If Hammerson wanted me dead, I wouldn’t be breathing.
He sucked in a deep breath and stood.
Time to join the party.

Hammerson stood at ease, his hands behind his back, as Alex approached, but Alex heard his soft aside to his companion: ‘Heads-up.’ Sam Reid moved to stand at Hammerson’s shoulder. Alex could feel their apprehension, but no fear.

He stopped about six feet from them and looked from Jack Hammerson to the large HAWC behind him. ‘Sam Reid.’

Immediately the large man’s face broke into a grin, and he seemed about to step forward and shake Alex’s hand.

‘Stand fast, Reid.’ Hammerson’s eyes were like lasers.

Alex returned the unwavering gaze. ‘You said you’d come alone.’

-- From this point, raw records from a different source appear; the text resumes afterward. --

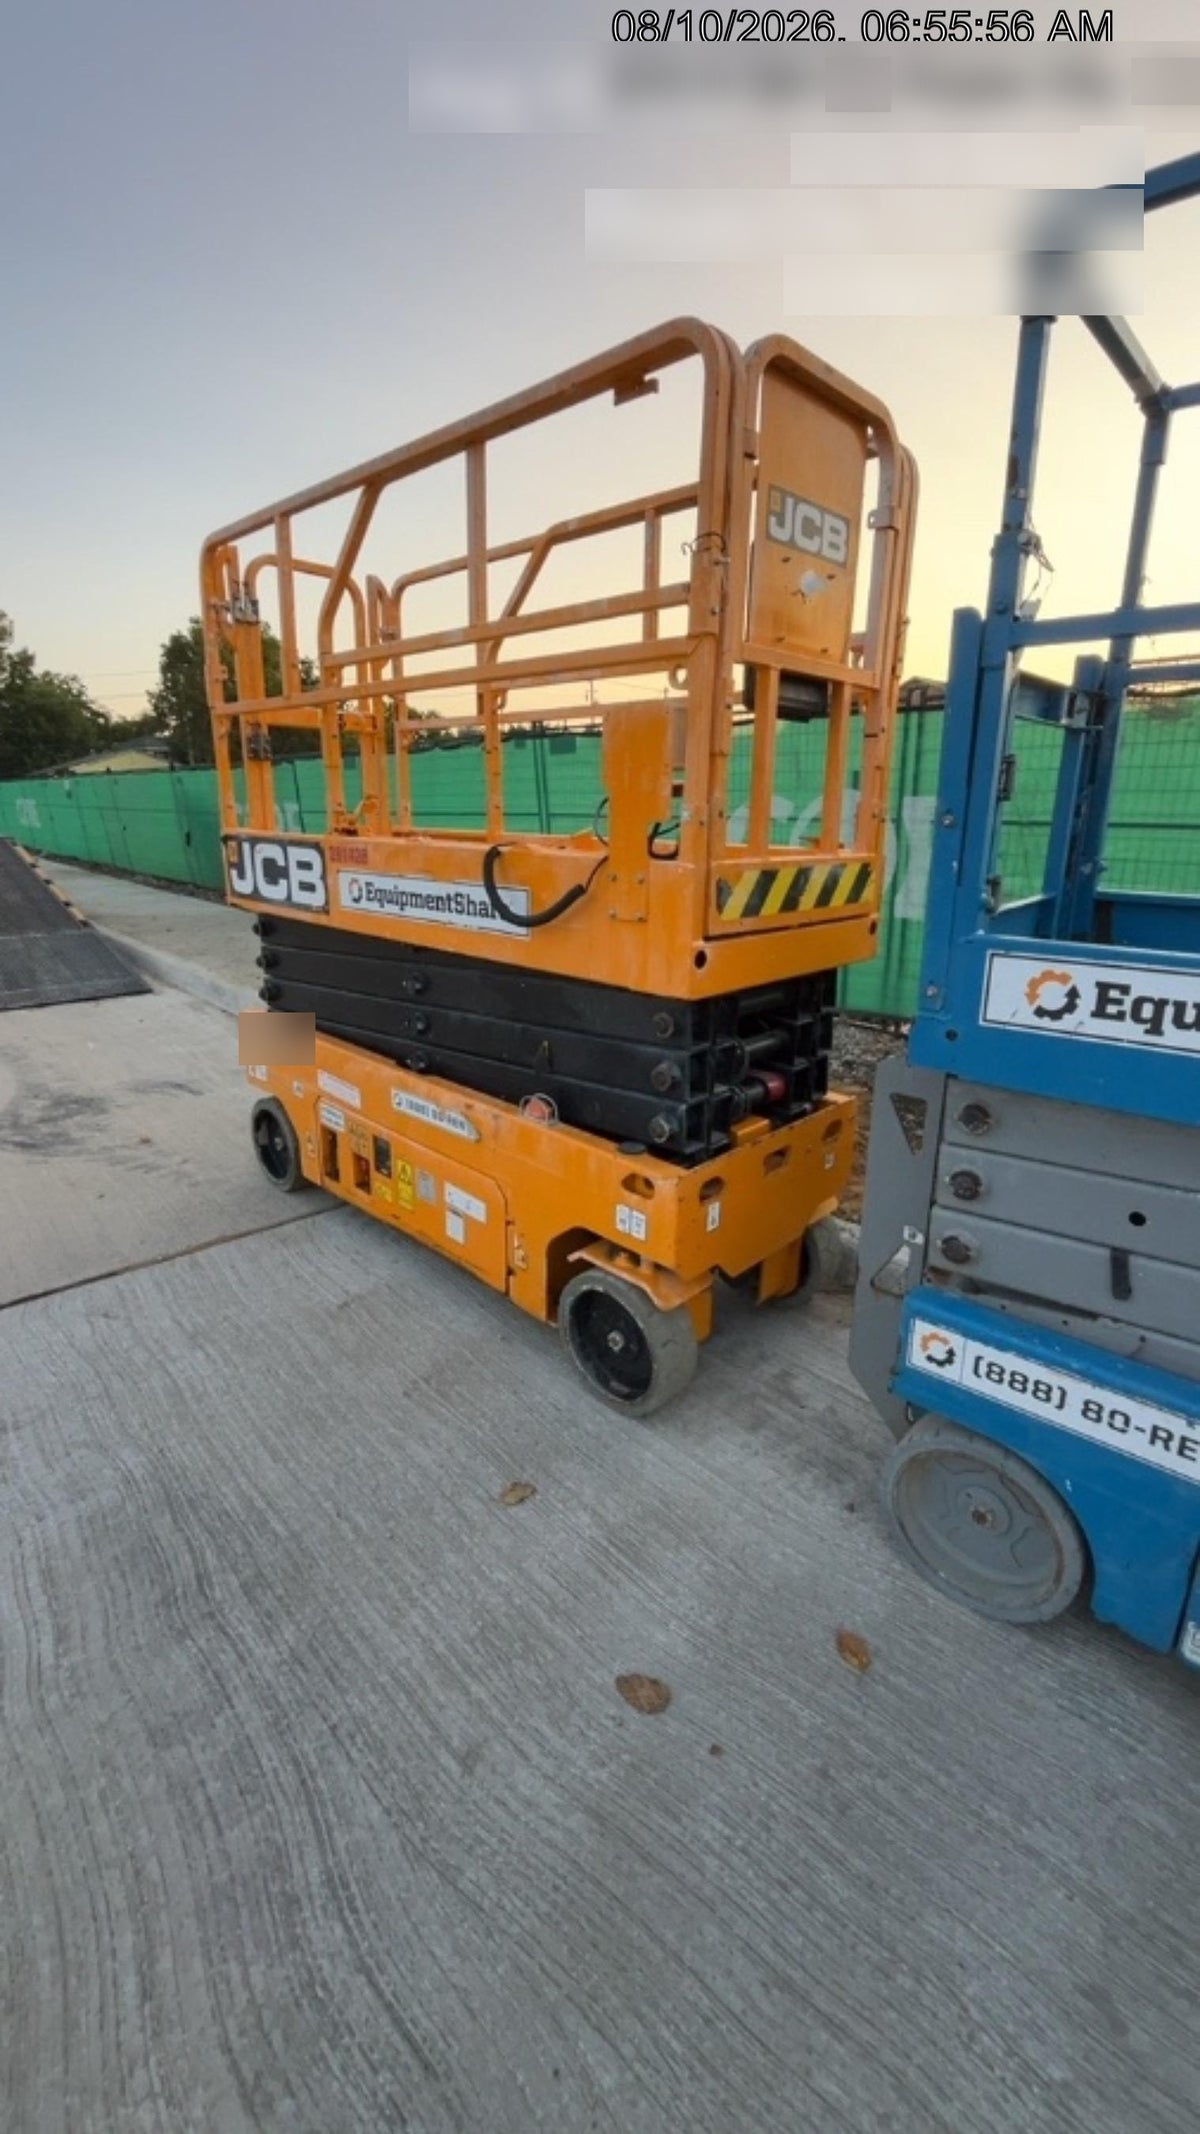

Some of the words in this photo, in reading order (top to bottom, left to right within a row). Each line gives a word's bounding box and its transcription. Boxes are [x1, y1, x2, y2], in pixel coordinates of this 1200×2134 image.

[769, 495, 848, 563] JCB
[230, 841, 326, 906] JCB
[364, 881, 498, 919] EquipmentShar
[1090, 981, 1200, 1036] Equ
[973, 1355, 1067, 1410] (888)
[1080, 1398, 1199, 1462] 80-RE

‘I said I’d bring what I need. Sam’s my left arm now … and besides, I couldn’t have kept him away if I tried. You still have friends you know, Alex; people who want to see you, who believe in you … and want you to return to us.’

Hammerson kept his eyes on Alex’s face as he spoke, no doubt searching for anything that might indicate instability. Alex conducted his own examination, reading the older warrior for signs of nerves, discomfort, a drip of perspiration on the forehead, a slight elevation in breathing, heart rate or body temperature – anything that might indicate deception.